No podemos negar que también hay interrogantes. Cuando alguien muere, deja una herencia que hay que recoger y distribuir, no se puede dilapidar. ¿Qué herencia positiva nos ha dejado la Cristiandad que deberíamos asumir?
Fue positivo en la Cristiandad su afán misionero de evangelización y de encarnación en su tiempo, el deseo de proteger la fe de los débiles, el respeto hacia la religiosidad popular, el acompañamiento del pueblo a lo largo de su vida, la reflexión teológica y espiritual sobre la fe, la preocupación por una fe que no quede reducida a la intimidad individual sino que se abra al horizonte público, la preocupación por la educación, la atención a los más pobres y enfermos, la convicción de que hemos sido hechos para Dios y que nuestro corazón no descansa hasta llegar a él, la conciencia de la debilidad y del pecado humano, la necesidad del pueblo de hallar un horizonte trascendente que dé esperanza a su vida y a su muerte, etc. ¿Cómo recoger esta herencia de valores positivos, sin contaminarlos con los contravalores, sino estructurándolos de modo diferente? Sólo se puede mantener, a la larga, la tradición que se transforma creativamente. La religiosidad popular, concretamente, sólo se conservará si es objeto de una nueva evangelización. No basta conservar, hay que preparar el futuro.
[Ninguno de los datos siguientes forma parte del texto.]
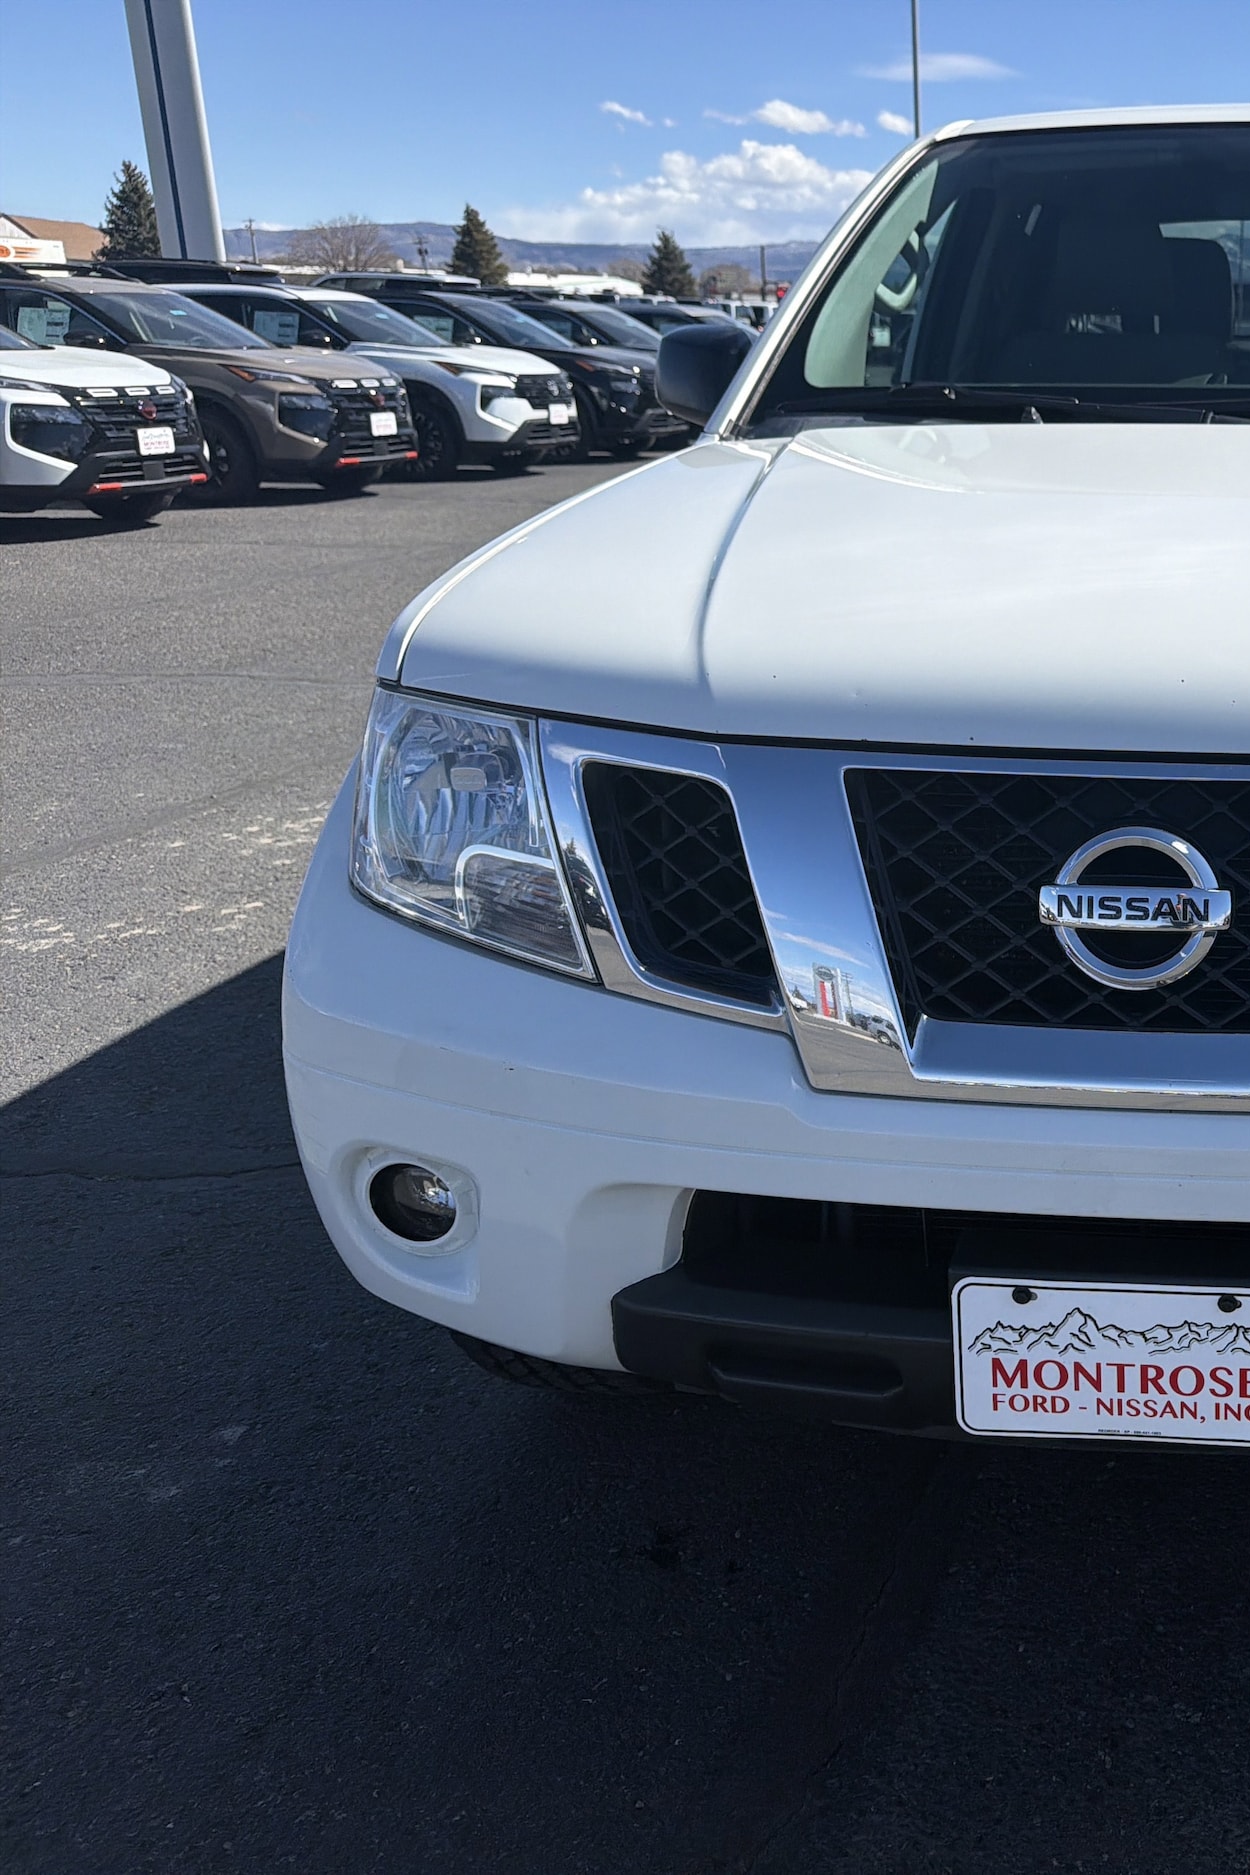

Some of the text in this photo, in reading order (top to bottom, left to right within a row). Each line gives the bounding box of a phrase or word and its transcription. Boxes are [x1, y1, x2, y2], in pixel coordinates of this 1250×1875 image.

[1056, 894, 1210, 922] NISSAN
[992, 1393, 1070, 1414] FORD
[1096, 1398, 1207, 1423] NISSAN,
Por otra parte también hemos de preguntarnos si la Iglesia de post Cristiandad deberá configurarse como una casa de puertas cerradas o más bien como una Iglesia con diferentes niveles de adhesión, de pertenencia y de participación, Iglesia del umbral, Iglesia de puertas abiertas, con pertenencia parcial e incluso débil, fluida, donde son acogidos tanto el practicante de la religiosidad popular, como el dominical y el militante comprometido, el simpatizante y el que está en búsqueda. El Espíritu desborda la institucionalidad eclesial. Lo importante es ir ofreciendo elementos para ir avanzando hacia el Reino, practicar la justicia, amar con ternura y caminar humildemente hacia el Señor (Mi 6, 8).
En el proceso de cambio que vive actualmente Bolivia, donde en muchos católicos cunde el miedo y el pánico, añorando con nostalgia la situación eclesial anterior, mientras otros más lúcidos vislumbran nuevas posibilidades de vivir más evangélicamente la fe cristiana, nos puede ayudar el reflexionar sobre la Cristiandad, su historia, su crisis, su agonía y su lenta desaparición y observar las nuevas formas de ser Iglesia que están surgiendo. El Espíritu rige la historia de los pueblos, aunque muchas veces nos cueste discernirlo porque el trigo se mezcla con la cizaña. Toda muerte puede abrir a un nuevo nacimiento. No miremos solamente al pasado, observemos sin miedo el futuro, pasemos la página de la Cristiandad, algo nuevo está naciendo, aun en medio de dolores de parto. ¿No lo vemos?